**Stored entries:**
- Opening Delimiter -

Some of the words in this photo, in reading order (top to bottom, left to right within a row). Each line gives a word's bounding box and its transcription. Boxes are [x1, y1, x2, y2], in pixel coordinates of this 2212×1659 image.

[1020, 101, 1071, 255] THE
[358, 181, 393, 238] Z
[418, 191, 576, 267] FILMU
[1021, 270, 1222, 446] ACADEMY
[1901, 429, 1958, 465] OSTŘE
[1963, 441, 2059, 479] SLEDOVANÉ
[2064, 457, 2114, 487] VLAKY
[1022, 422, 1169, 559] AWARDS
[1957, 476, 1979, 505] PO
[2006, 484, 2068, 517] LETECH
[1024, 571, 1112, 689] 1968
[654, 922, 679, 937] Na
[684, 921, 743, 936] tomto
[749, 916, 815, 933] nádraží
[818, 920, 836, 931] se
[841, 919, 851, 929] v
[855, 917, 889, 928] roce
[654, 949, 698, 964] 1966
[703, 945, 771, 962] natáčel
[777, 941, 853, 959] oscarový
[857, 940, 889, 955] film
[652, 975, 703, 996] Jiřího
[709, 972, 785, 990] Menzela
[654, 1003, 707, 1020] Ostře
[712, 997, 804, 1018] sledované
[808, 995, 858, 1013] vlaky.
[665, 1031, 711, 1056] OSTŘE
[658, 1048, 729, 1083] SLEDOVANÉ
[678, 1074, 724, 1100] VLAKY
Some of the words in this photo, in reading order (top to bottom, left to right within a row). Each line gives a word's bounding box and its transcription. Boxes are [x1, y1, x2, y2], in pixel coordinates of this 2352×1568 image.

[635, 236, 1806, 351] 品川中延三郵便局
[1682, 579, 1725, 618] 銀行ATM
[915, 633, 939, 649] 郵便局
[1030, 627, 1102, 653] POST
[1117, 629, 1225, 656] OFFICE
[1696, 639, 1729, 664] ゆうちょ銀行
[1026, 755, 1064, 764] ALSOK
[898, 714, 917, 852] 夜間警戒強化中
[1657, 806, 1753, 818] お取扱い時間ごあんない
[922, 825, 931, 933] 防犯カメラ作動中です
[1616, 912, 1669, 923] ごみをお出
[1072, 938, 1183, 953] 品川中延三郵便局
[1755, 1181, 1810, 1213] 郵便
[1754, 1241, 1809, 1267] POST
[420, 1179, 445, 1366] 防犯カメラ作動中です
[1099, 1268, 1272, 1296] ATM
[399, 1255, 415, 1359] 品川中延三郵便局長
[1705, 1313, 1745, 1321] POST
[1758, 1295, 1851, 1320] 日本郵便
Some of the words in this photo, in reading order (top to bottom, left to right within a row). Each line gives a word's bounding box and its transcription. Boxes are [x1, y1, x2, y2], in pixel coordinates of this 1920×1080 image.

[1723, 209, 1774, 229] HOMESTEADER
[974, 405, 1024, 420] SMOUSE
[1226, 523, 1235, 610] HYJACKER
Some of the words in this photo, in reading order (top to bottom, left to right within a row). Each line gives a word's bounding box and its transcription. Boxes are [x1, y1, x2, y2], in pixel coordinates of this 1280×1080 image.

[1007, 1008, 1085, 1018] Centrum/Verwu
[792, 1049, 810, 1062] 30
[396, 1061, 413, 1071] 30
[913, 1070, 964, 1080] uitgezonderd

- Closing Delimiter -

**ACTIVITY:** In full and without alteration, return every line above.

**ANSWER SPACE:**
Some of the words in this photo, in reading order (top to bottom, left to right within a row). Each line gives a word's bounding box and its transcription. Boxes are [x1, y1, x2, y2], in pixel coordinates of this 2212×1659 image.

[1020, 101, 1071, 255] THE
[358, 181, 393, 238] Z
[418, 191, 576, 267] FILMU
[1021, 270, 1222, 446] ACADEMY
[1901, 429, 1958, 465] OSTŘE
[1963, 441, 2059, 479] SLEDOVANÉ
[2064, 457, 2114, 487] VLAKY
[1022, 422, 1169, 559] AWARDS
[1957, 476, 1979, 505] PO
[2006, 484, 2068, 517] LETECH
[1024, 571, 1112, 689] 1968
[654, 922, 679, 937] Na
[684, 921, 743, 936] tomto
[749, 916, 815, 933] nádraží
[818, 920, 836, 931] se
[841, 919, 851, 929] v
[855, 917, 889, 928] roce
[654, 949, 698, 964] 1966
[703, 945, 771, 962] natáčel
[777, 941, 853, 959] oscarový
[857, 940, 889, 955] film
[652, 975, 703, 996] Jiřího
[709, 972, 785, 990] Menzela
[654, 1003, 707, 1020] Ostře
[712, 997, 804, 1018] sledované
[808, 995, 858, 1013] vlaky.
[665, 1031, 711, 1056] OSTŘE
[658, 1048, 729, 1083] SLEDOVANÉ
[678, 1074, 724, 1100] VLAKY
Some of the words in this photo, in reading order (top to bottom, left to right within a row). Each line gives a word's bounding box and its transcription. Boxes are [x1, y1, x2, y2], in pixel coordinates of this 2352×1568 image.

[635, 236, 1806, 351] 品川中延三郵便局
[1682, 579, 1725, 618] 銀行ATM
[915, 633, 939, 649] 郵便局
[1030, 627, 1102, 653] POST
[1117, 629, 1225, 656] OFFICE
[1696, 639, 1729, 664] ゆうちょ銀行
[1026, 755, 1064, 764] ALSOK
[898, 714, 917, 852] 夜間警戒強化中
[1657, 806, 1753, 818] お取扱い時間ごあんない
[922, 825, 931, 933] 防犯カメラ作動中です
[1616, 912, 1669, 923] ごみをお出
[1072, 938, 1183, 953] 品川中延三郵便局
[1755, 1181, 1810, 1213] 郵便
[1754, 1241, 1809, 1267] POST
[420, 1179, 445, 1366] 防犯カメラ作動中です
[1099, 1268, 1272, 1296] ATM
[399, 1255, 415, 1359] 品川中延三郵便局長
[1705, 1313, 1745, 1321] POST
[1758, 1295, 1851, 1320] 日本郵便
Some of the words in this photo, in reading order (top to bottom, left to right within a row). Each line gives a word's bounding box and its transcription. Boxes are [x1, y1, x2, y2], in pixel coordinates of this 1920×1080 image.

[1723, 209, 1774, 229] HOMESTEADER
[974, 405, 1024, 420] SMOUSE
[1226, 523, 1235, 610] HYJACKER
Some of the words in this photo, in reading order (top to bottom, left to right within a row). Each line gives a word's bounding box and its transcription. Boxes are [x1, y1, x2, y2], in pixel coordinates of this 1280×1080 image.

[1007, 1008, 1085, 1018] Centrum/Verwu
[792, 1049, 810, 1062] 30
[396, 1061, 413, 1071] 30
[913, 1070, 964, 1080] uitgezonderd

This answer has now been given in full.